Balance in a runner’s life can be hard to achieve

Written on Mar 22nd, 2015 by , Category Marlene Farrell Blog

Marlene Farrell runs with her children in Leavenworth last year.

 

By Marlene Farrell
RunWenatchee.com

Editor’s note: Leavenworth’s Marlene Farrell is recovering from a broken ankle suffered while running. This is the fifth in a series of blogs she is writing, detailing her recovery.

A friend recently asked me, “What’s the hardest thing about long distance running?” I can only answer for myself, and I’ve pinned it down to two aspects.

The first challenge is getting out on the ugly days — those with weather extremes, or caused by my own poor sleep, diet, or other stress. But having been cooped up to heal a broken ankle, the ugly days now seem rare, as every opportunity to get out is a blessing. And most times, once I’m out, I acclimate to the conditions. I never regret logging miles, even if it’s slogging miles.
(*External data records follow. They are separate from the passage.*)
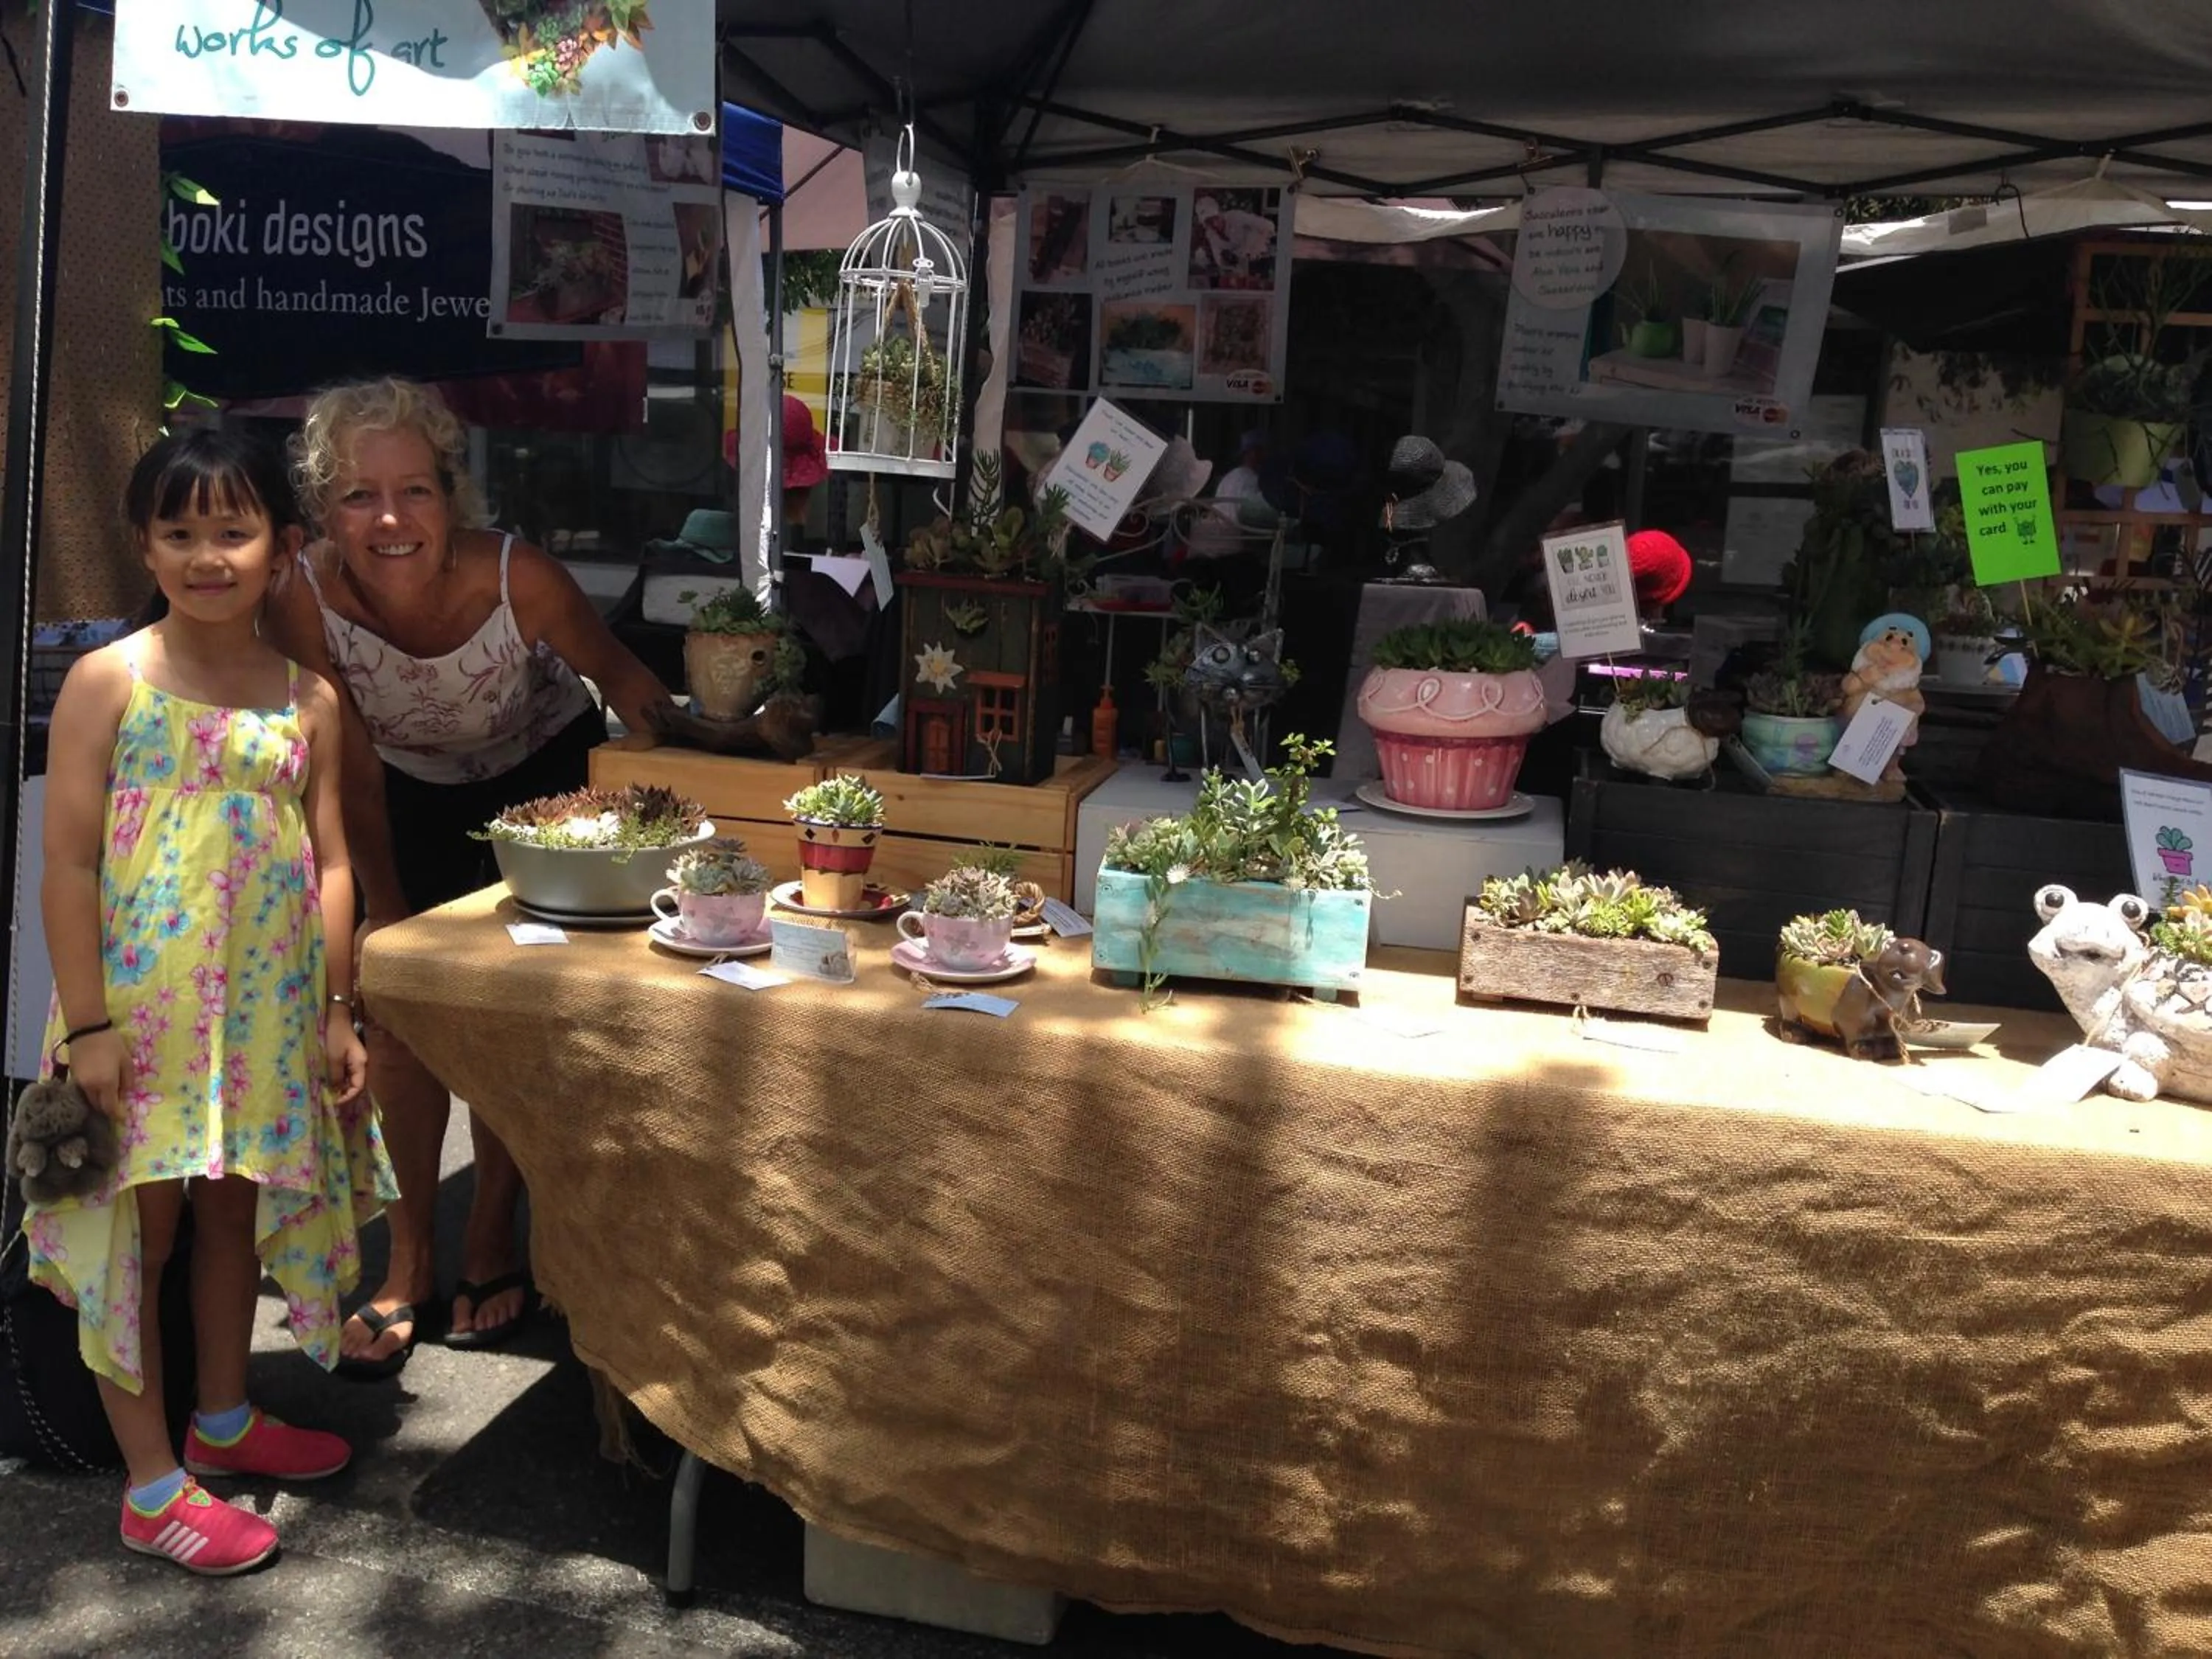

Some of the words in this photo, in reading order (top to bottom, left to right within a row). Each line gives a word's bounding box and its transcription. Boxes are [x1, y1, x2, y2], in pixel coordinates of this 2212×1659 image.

[175, 0, 298, 59] works
[315, 0, 375, 96] of
[391, 28, 448, 68] art
[168, 198, 251, 256] boki
[263, 198, 428, 268] designs
[1548, 223, 1592, 242] happy
[196, 277, 246, 310] and
[257, 275, 410, 316] handmade
[417, 287, 492, 322] Jewe
[1226, 378, 1249, 389] VISA
[1735, 403, 1761, 415] VISA
[1975, 465, 2002, 476] Yes,
[2005, 461, 2028, 474] you
[1982, 484, 2003, 495] can
[2006, 481, 2028, 495] pay
[1978, 502, 2006, 516] with
[2009, 499, 2037, 514] your
[1980, 521, 2006, 535] card
The other hard part of being a long distance runner comes after the long run is complete. In approximate order of importance are: shower, food, water, feet up, more food, and a lack of taxing brain activity. But I am a mom, wife, and writer. I have to keep our household running, and pay attention to my family’s needs and my work responsibilities. While out on a long run, I have this recurrent daydream that running is all that matters. My life feels like it boils down to motion, and breathing, and taking in vistas that show both how small the town is and how big the world is.
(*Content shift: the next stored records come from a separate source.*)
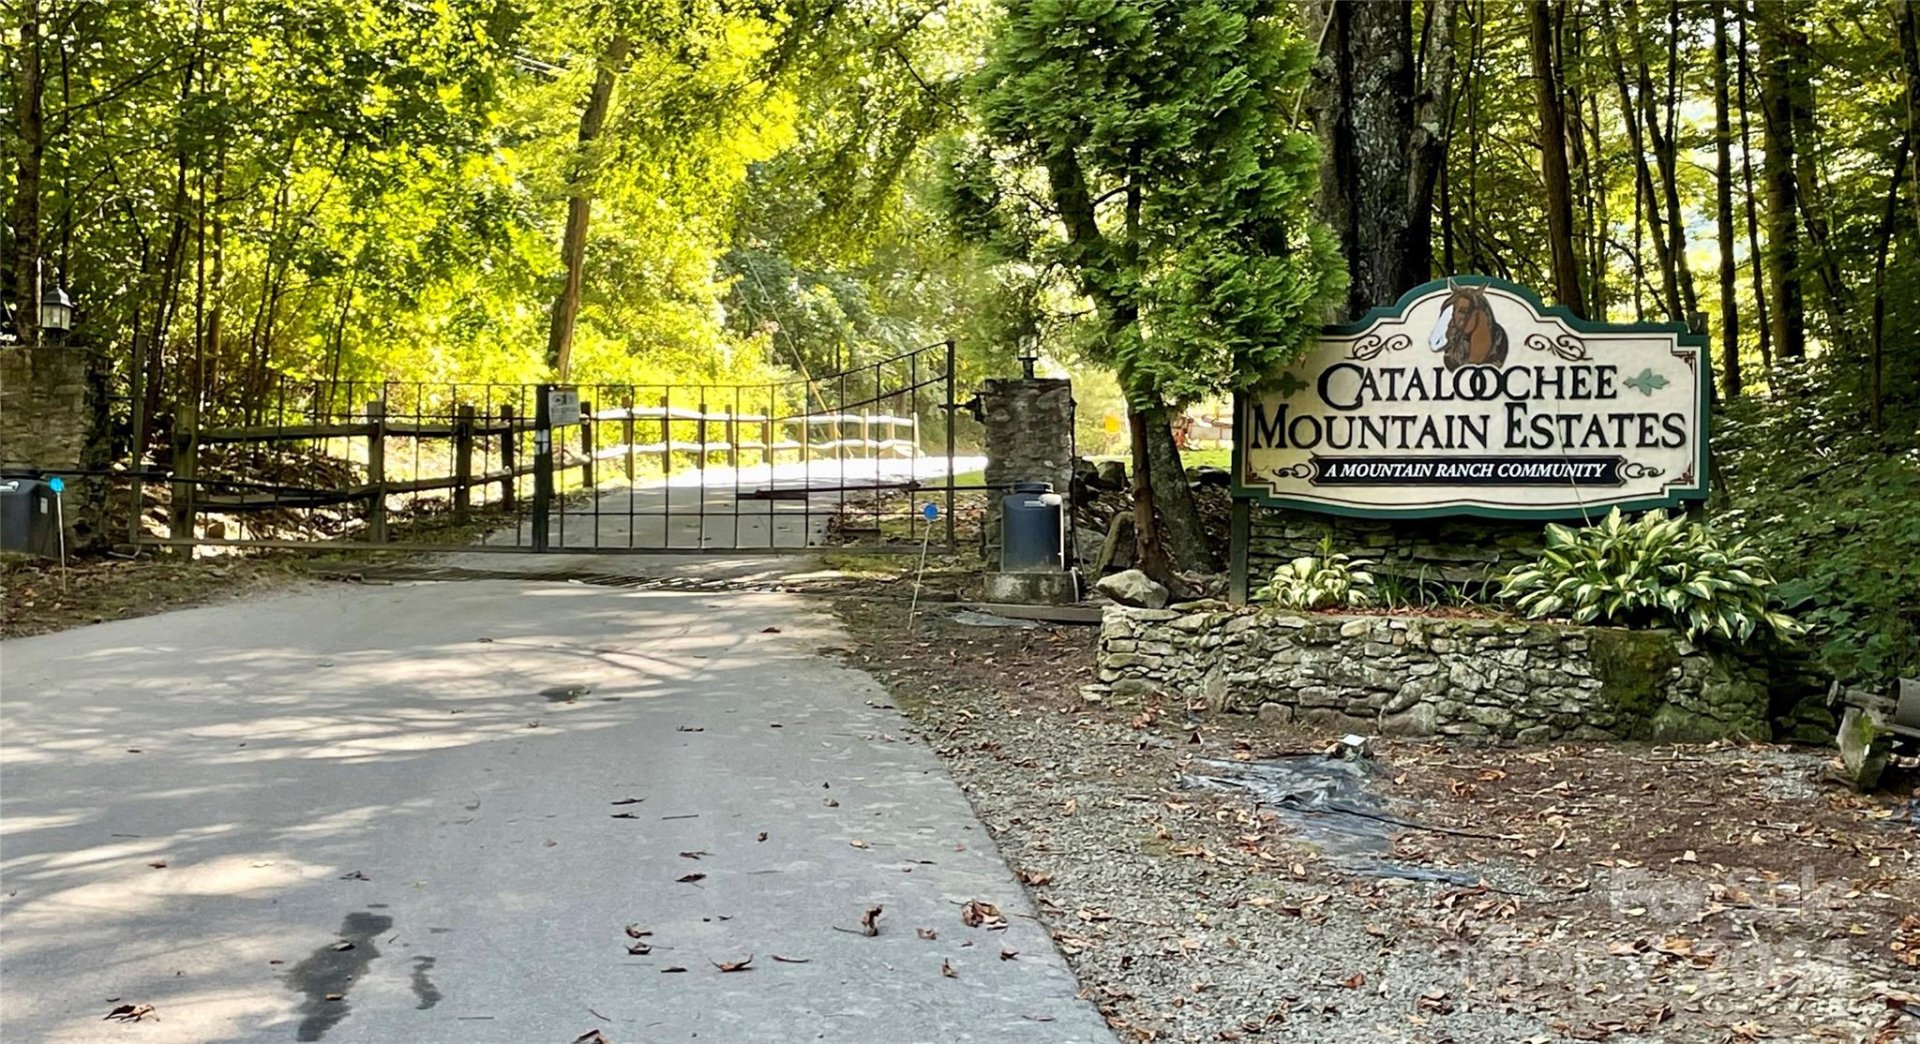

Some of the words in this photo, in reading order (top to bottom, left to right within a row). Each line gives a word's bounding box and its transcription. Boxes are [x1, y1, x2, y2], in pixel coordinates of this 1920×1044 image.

[1317, 362, 1618, 410] CATALOOCHEE
[1251, 403, 1490, 450] MOUNTAIN
[1504, 402, 1687, 449] ESTATES
[1325, 463, 1337, 478] A
[1340, 463, 1431, 478] MOUNTAIN
[1435, 463, 1493, 478] RANCH
[1498, 463, 1606, 478] COMMUNITY
Then reality crashes down on me as I’m lounging on the couch, reading a magazine, and my daughter asks me to jump on the trampoline with her. Or my son wants to start a complex project right now. Sometimes I shake off the recovery fog to do a half-adequate job of playing with them, which satisfies no one. Or I wave them off, saying, “Next time.” After my eyelids droop, I’ll be goaded awake by the thought of a starving lizard that is silently waiting for his supper, or the laundry fermenting in the washer.

A broken ankle takes awhile to heal, so I am in rehab mode. I run only every other day. On alternate days I swim, bike, or take it easy. I’m happy with my activity because my post-surgery hibernation is still a clear memory.

While 95 percent of my body craves for longer workouts, especially runs longer than six slow miles, there’s an important 5 percent that holds veto power over the rest. Conversations with my left ankle go like this:

Me: How about an extra mile?
Ankle: Not a good idea.
Me: How about a few more minutes?
Ankle: Nope.
Me: Let’s try running two days in a row.
Ankle: I’m warning you. …
Me: I think you’re up for some one-footed hops at the end of this run.
Ankle: How embarrassing. OK, here are five. Now give me ice and elevation, you moron!

The unexpected perk of constraining my daily exercise is that I’m ready for whatever comes my way in my home life. I’ve stumbled upon a perfect balance. My writing seems to flow after the easy runs. Even more so, writing ideas percolate like bubbles all around me as I swim laps. I actually have to ignore the stream of them lest I veer into another lane or lose track of my laps. And there’s been many a day that I have hiked the hill in the back yard with the kids, or gone for a bike ride, or made a complicated dinner while overseeing homework completion.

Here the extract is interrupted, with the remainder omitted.